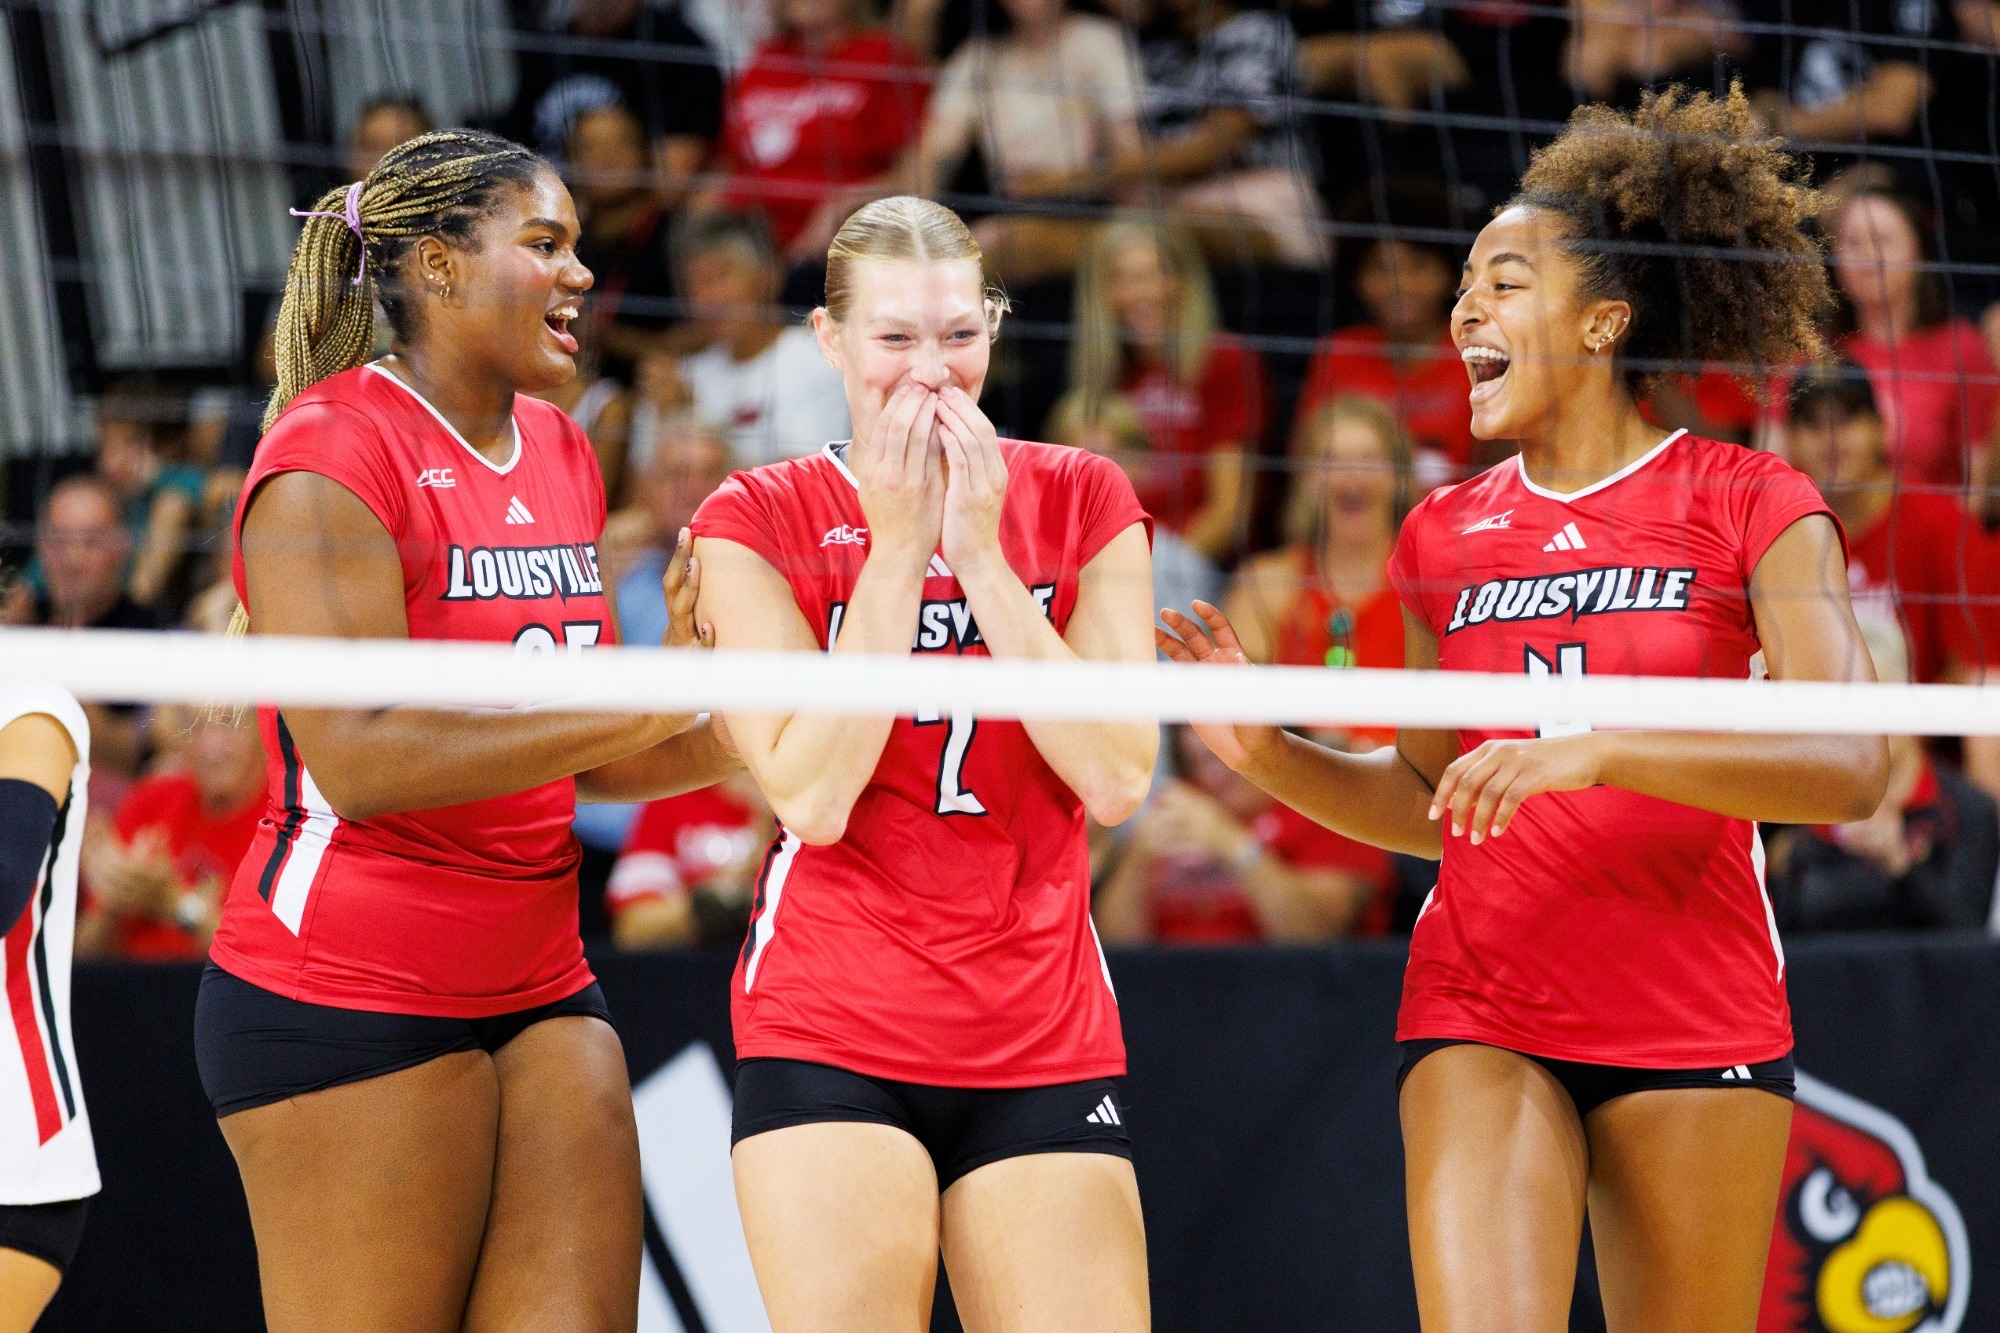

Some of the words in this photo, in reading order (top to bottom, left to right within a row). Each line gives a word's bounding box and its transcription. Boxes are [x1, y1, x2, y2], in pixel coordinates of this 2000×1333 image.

[417, 468, 456, 488] ACC
[819, 523, 869, 548] ACC
[1461, 509, 1515, 536] ACC
[1446, 566, 1697, 634] LOUISVILLE
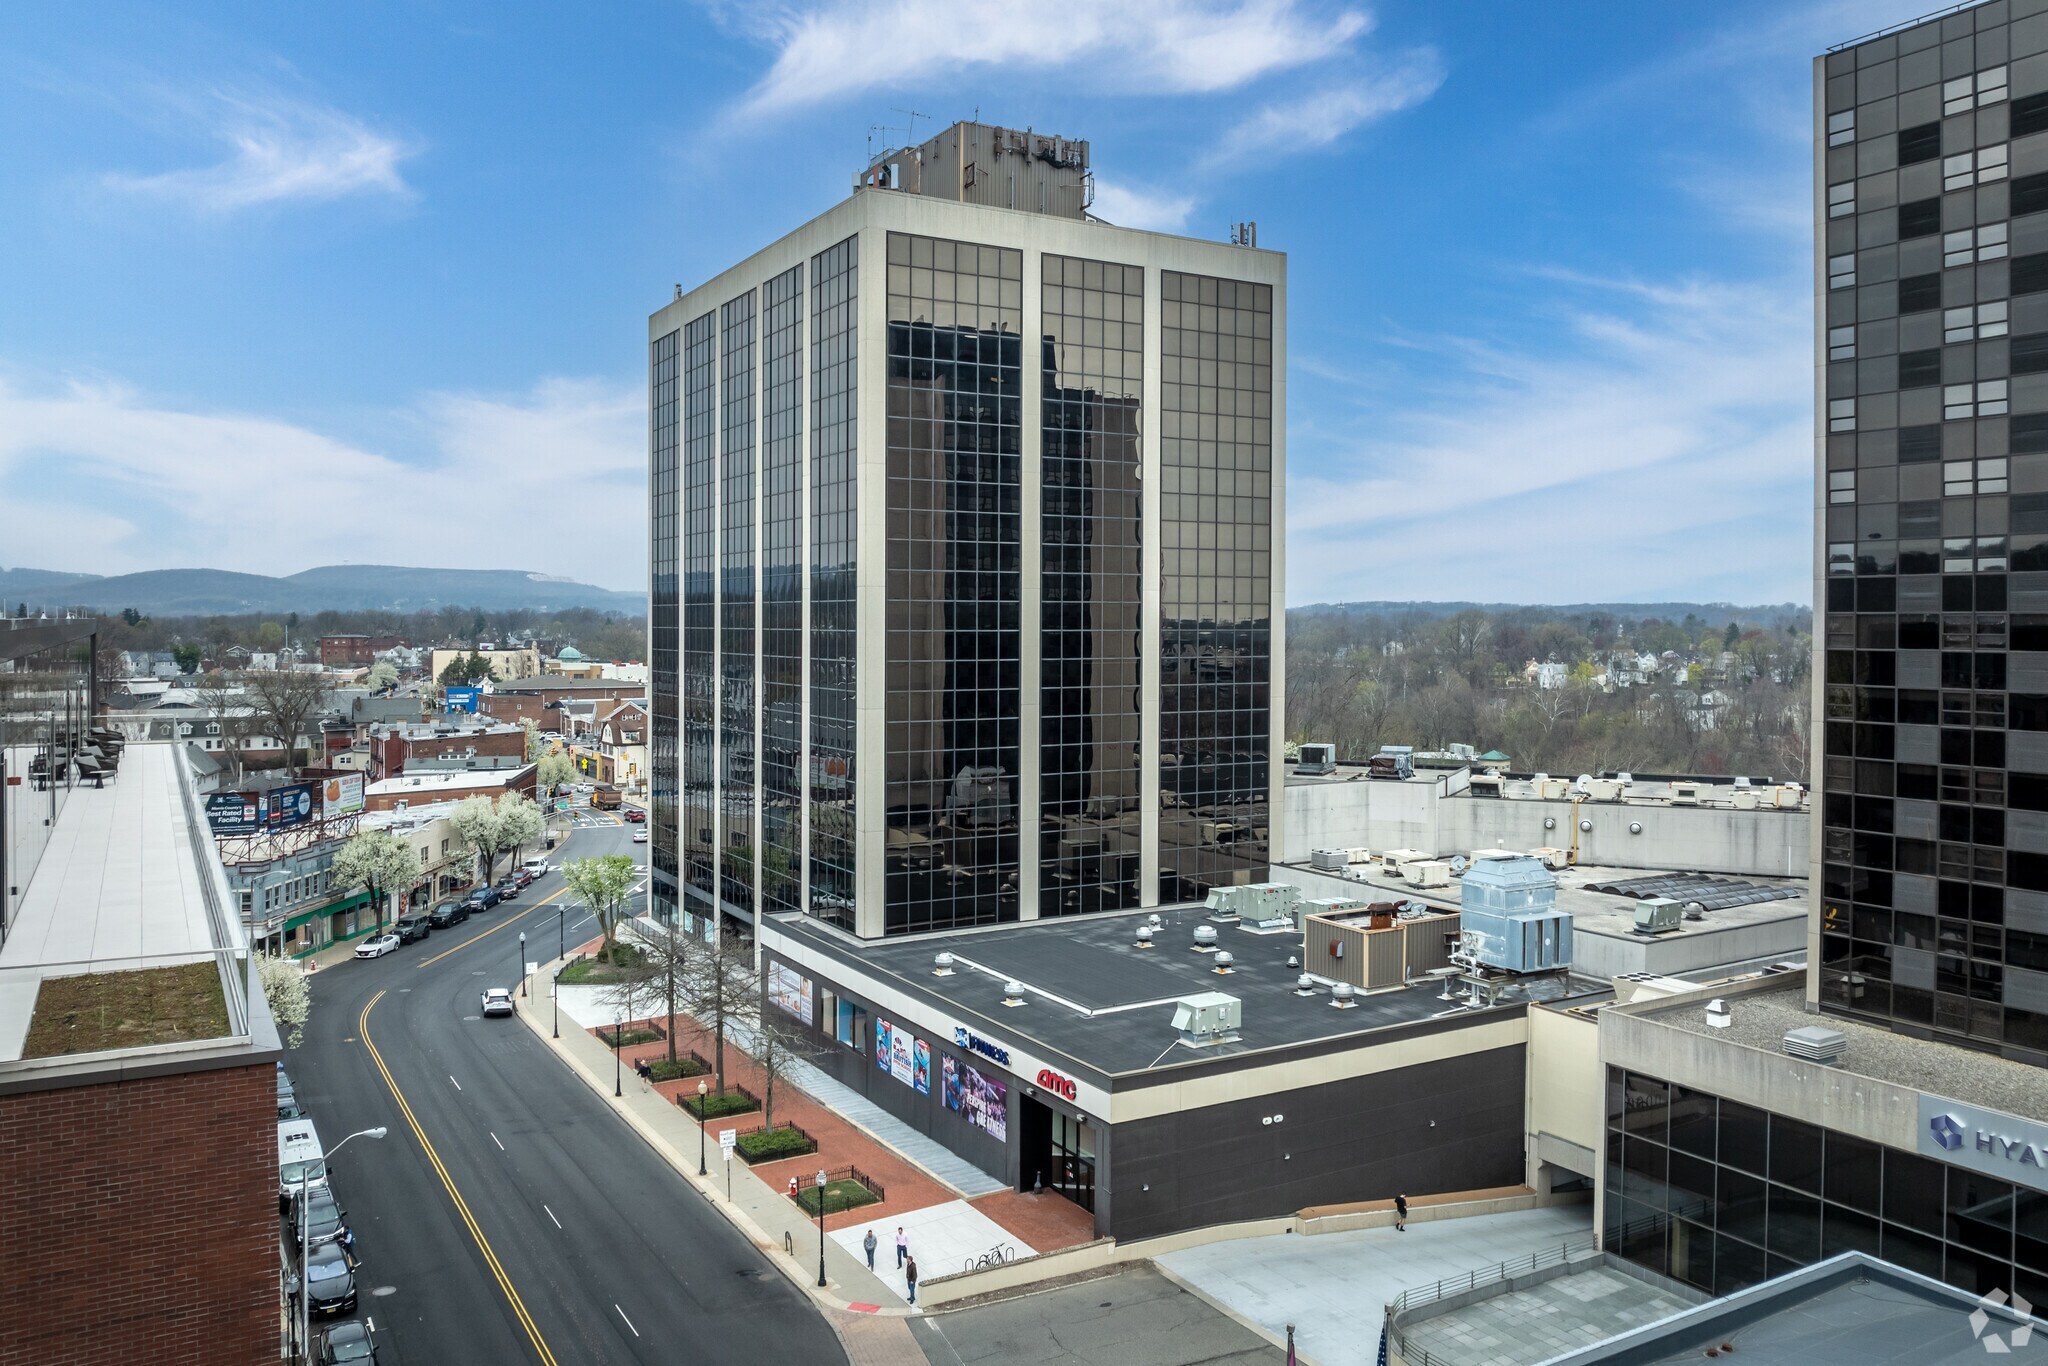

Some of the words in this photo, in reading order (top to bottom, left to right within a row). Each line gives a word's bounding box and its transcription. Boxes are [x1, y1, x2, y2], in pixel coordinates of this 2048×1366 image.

[217, 816, 242, 824] Facility
[222, 809, 242, 817] Rated
[970, 1033, 1009, 1066] FITNESS
[1976, 1129, 2048, 1168] HYA

Exercise
Return all of the material precisely as written. No picture belongs in it.

Task response
Some of the words in this photo, in reading order (top to bottom, left to right within a row). Each line gives a word's bounding box and its transcription. Boxes are [x1, y1, x2, y2], in pixel coordinates of this 2000×1333 image.

[417, 468, 456, 488] ACC
[819, 523, 869, 548] ACC
[1461, 509, 1515, 536] ACC
[1446, 566, 1697, 634] LOUISVILLE

Some of the words in this photo, in reading order (top to bottom, left to right within a row). Each line gives a word's bounding box and its transcription. Boxes are [x1, y1, x2, y2], in pixel coordinates of this 2048×1366 image.

[217, 816, 242, 824] Facility
[222, 809, 242, 817] Rated
[970, 1033, 1009, 1066] FITNESS
[1976, 1129, 2048, 1168] HYA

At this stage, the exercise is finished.